Remember, we’re splitting molecules, so it’s a pretty big deal. The power keeps the ion flow going, driving the split OH- ions across the electrolyzer cell and pushing the hydrogen and oxygen out of it. If the power stops, the ion flow stops and the hydrogen and oxygen that’s hanging out, not going anywhere, can form bubbles. Bubbles are bad because they can block the current flow once the power comes back on and that can cause problems in that the increased power resistance or current density can degrade the catalysts. But even worse than that is that the bubbly mixture of hydrogen and oxygen can get explosive. Electrolyzers have built-in safety systems to prevent such explosions, which means they shut down when such conditions are detected. But production shutdowns are never good news.
Given the risks, stabilizing power delivery from the renewable sources is an absolute must if alkaline electrolyzers are to succeed at green hydrogen production and that’s where precision control comes in to play. Fortunately, there’s a solution for that: put all the renewables on a microgrid and have a precision microgrid controller handle the power flow.
Setting up a hydrogen production facility microgrid
Oil and gas companies are typically the entities who have taken charge of building these kinds of facilities. By their nature, they haven’t had to think too hard on how to power their processes and they haven’t had need for microgrids. But once fossil fuels are taken out of the mix, the formula for creating a stable power supply changes from a singular power source with a backup generator to multiple renewable power sources with a backup battery. And for that configuration, you need a microgrid.

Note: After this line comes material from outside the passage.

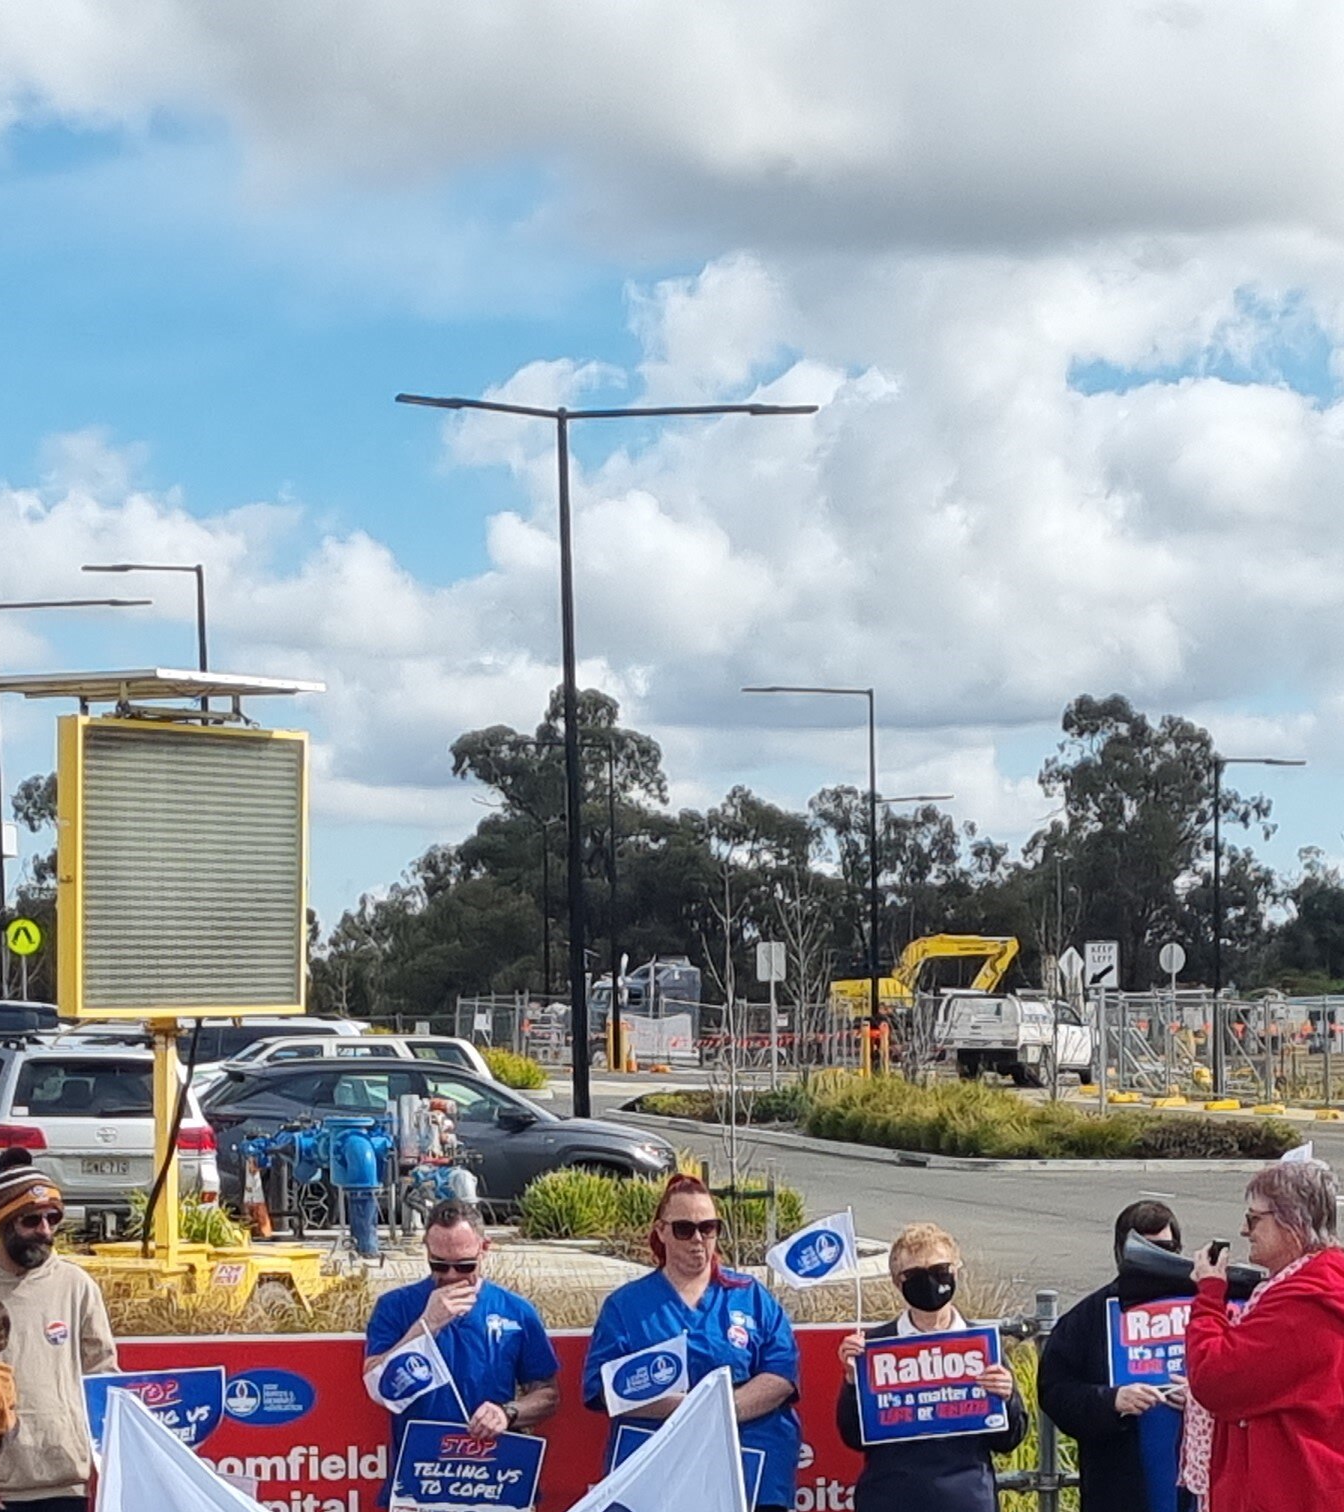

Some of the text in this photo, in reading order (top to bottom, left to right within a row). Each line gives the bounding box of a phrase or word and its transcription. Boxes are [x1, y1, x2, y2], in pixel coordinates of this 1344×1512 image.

People think of microgrids in terms of backup power for when the main grid goes down, which isn’t wrong, but a microgrid is also just a mini grid that has all its power sources and batteries coordinated to provide a stable, steady source of power. In the case of green hydrogen, the microgrid doesn’t have to be grid-connected since it would source all its power from the renewables. Coordination is key and that’s what the precision microgrid controller is for. The controller’s job in this case is to:
- Ingest weather forecasts to predict generation capacity
- Track and manage renewable generation production in real time
- Manage the battery storage to charge/discharge appropriately to smooth out any renewable intermittency
- Guarantee delivery of a set amount of power to the electrolyzer for stable continuous production
- Manage power at the point-of-interconnection (if grid-connected) for power import/export as appropriate
This is the model that is being implemented in Western Australia for the Yuri Renewable Hydrogen to Ammonia Project.

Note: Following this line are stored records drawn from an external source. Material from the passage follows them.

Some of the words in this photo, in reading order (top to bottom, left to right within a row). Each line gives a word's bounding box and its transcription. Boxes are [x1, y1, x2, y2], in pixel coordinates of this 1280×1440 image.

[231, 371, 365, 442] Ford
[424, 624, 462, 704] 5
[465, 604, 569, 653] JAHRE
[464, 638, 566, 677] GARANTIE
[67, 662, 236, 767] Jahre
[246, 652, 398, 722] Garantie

Yuri: one of the world’s first industrial-scale renewable hydrogen projects
Scheduled for completion in 2024, the Yuri facility includes an 18-megawatt solar power plant, 8-megawatt battery energy storage system (BESS), and 10-megawatt electrolyzer which will produce up to 640 tons of green hydrogen per year. Notably, the Yuri project will use an alkaline electrolyzer, which as mentioned earlier, will require precise power flow to ensure consistent hydrogen production. PXiSE Energy Solutions is providing its Microgrid Controller, which relies on a predictive analytics engine to forecast and dispatch the solar and battery assets and independently controls real and reactive power in real time to ensure a stable power flow to the electrolyzer. Proven in other multi-renewable asset configurations, PXiSE is confident its high-speed, precision controls are up to the exacting task of hydrogen production.
As one of the world’s first industrial-scale renewable hydrogen projects, the world’s eyes are on Yuri to forge the path ahead for green hydrogen production.